## Task prompt
When you return the material, keep every line exactly as it is and omit the pictures.

## Provided data
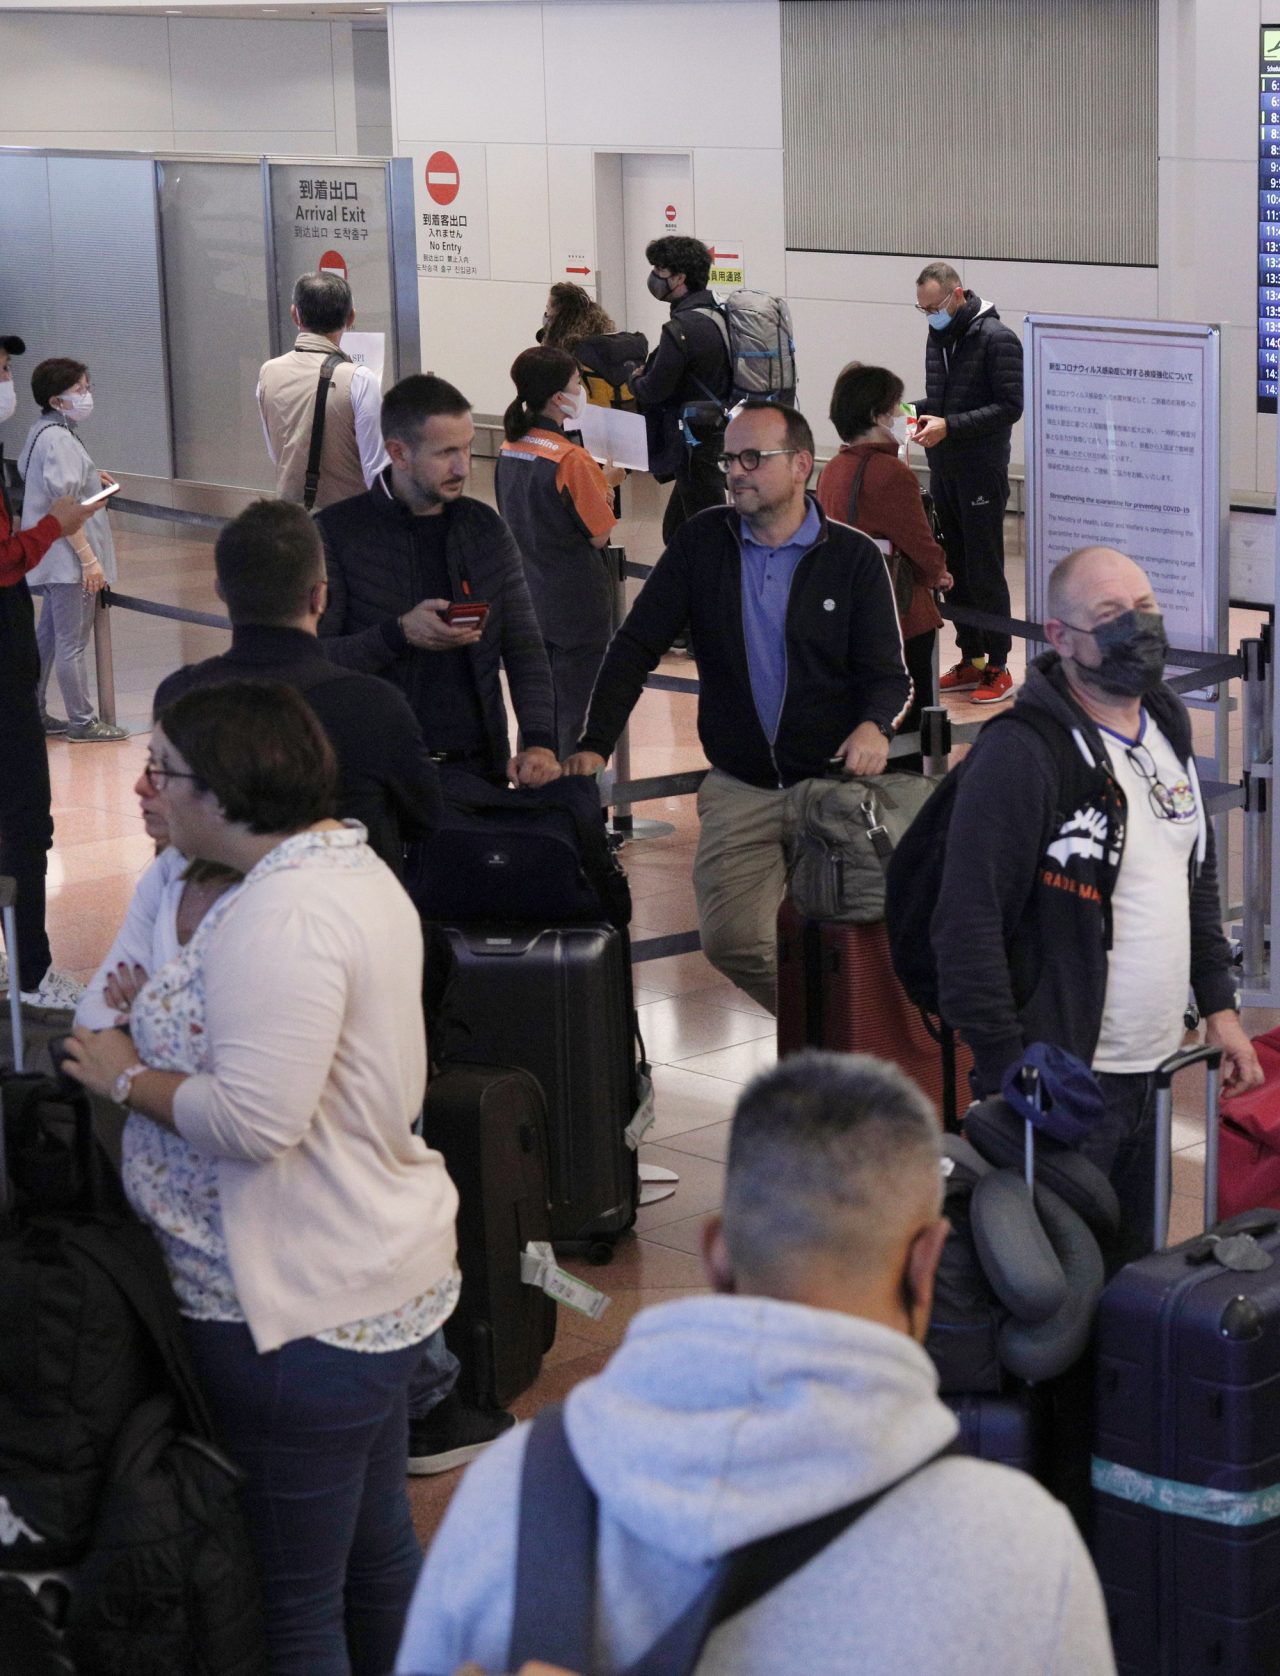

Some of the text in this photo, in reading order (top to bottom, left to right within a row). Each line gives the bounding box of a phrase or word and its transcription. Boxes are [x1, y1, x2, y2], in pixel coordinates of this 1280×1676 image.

[299, 180, 358, 201] 到着出口
[295, 205, 366, 223] Arrival Exit
[422, 213, 467, 227] 到着客出口
[429, 228, 463, 238] 入れません
[430, 241, 461, 254] No Entry
[1049, 492, 1085, 503] Strengthening
[1095, 498, 1124, 506] quarantine
[1133, 502, 1162, 512] preventing
[1162, 504, 1190, 513] COVID-19
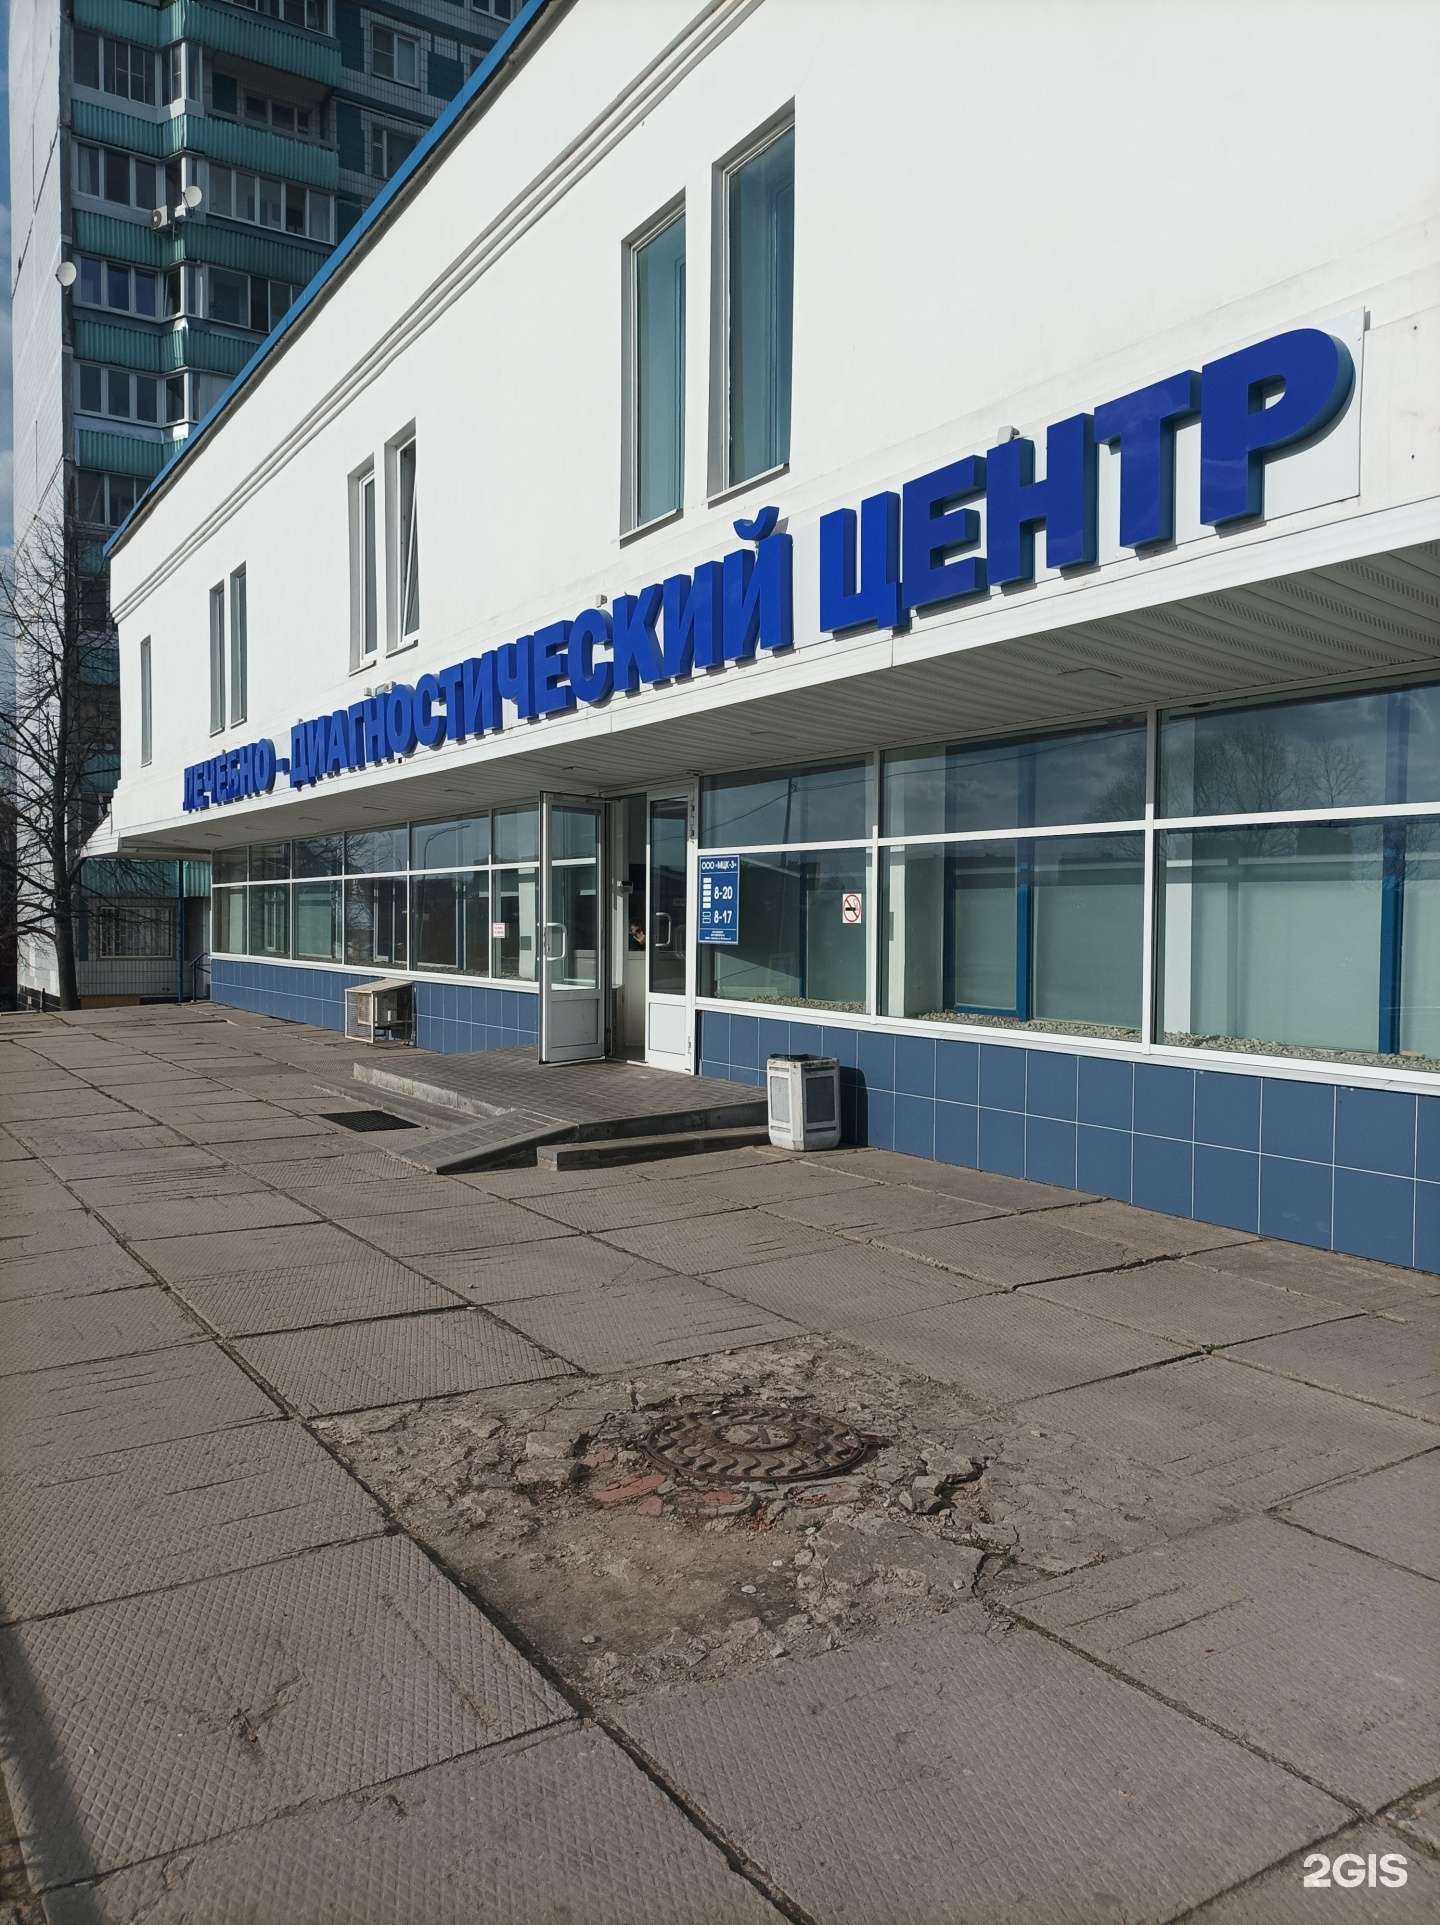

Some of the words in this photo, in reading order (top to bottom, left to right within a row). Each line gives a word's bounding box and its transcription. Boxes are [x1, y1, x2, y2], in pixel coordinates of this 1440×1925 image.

[820, 328, 1355, 633] ЦЕНТР
[701, 861, 714, 870] ООО
[714, 886, 733, 900] 8-20
[713, 910, 733, 924] 8-17

## Expected answer
Some of the text in this photo, in reading order (top to bottom, left to right within a row). Each line gives the bounding box of a phrase or word and its transcription. Boxes are [x1, y1, x2, y2], in pixel coordinates of this 1280×1676 image.

[299, 180, 358, 201] 到着出口
[295, 205, 366, 223] Arrival Exit
[422, 213, 467, 227] 到着客出口
[429, 228, 463, 238] 入れません
[430, 241, 461, 254] No Entry
[1049, 492, 1085, 503] Strengthening
[1095, 498, 1124, 506] quarantine
[1133, 502, 1162, 512] preventing
[1162, 504, 1190, 513] COVID-19

Some of the words in this photo, in reading order (top to bottom, left to right within a row). Each line gives a word's bounding box and its transcription. Boxes are [x1, y1, x2, y2], in pixel coordinates of this 1440×1925 image.

[820, 328, 1355, 633] ЦЕНТР
[701, 861, 714, 870] ООО
[714, 886, 733, 900] 8-20
[713, 910, 733, 924] 8-17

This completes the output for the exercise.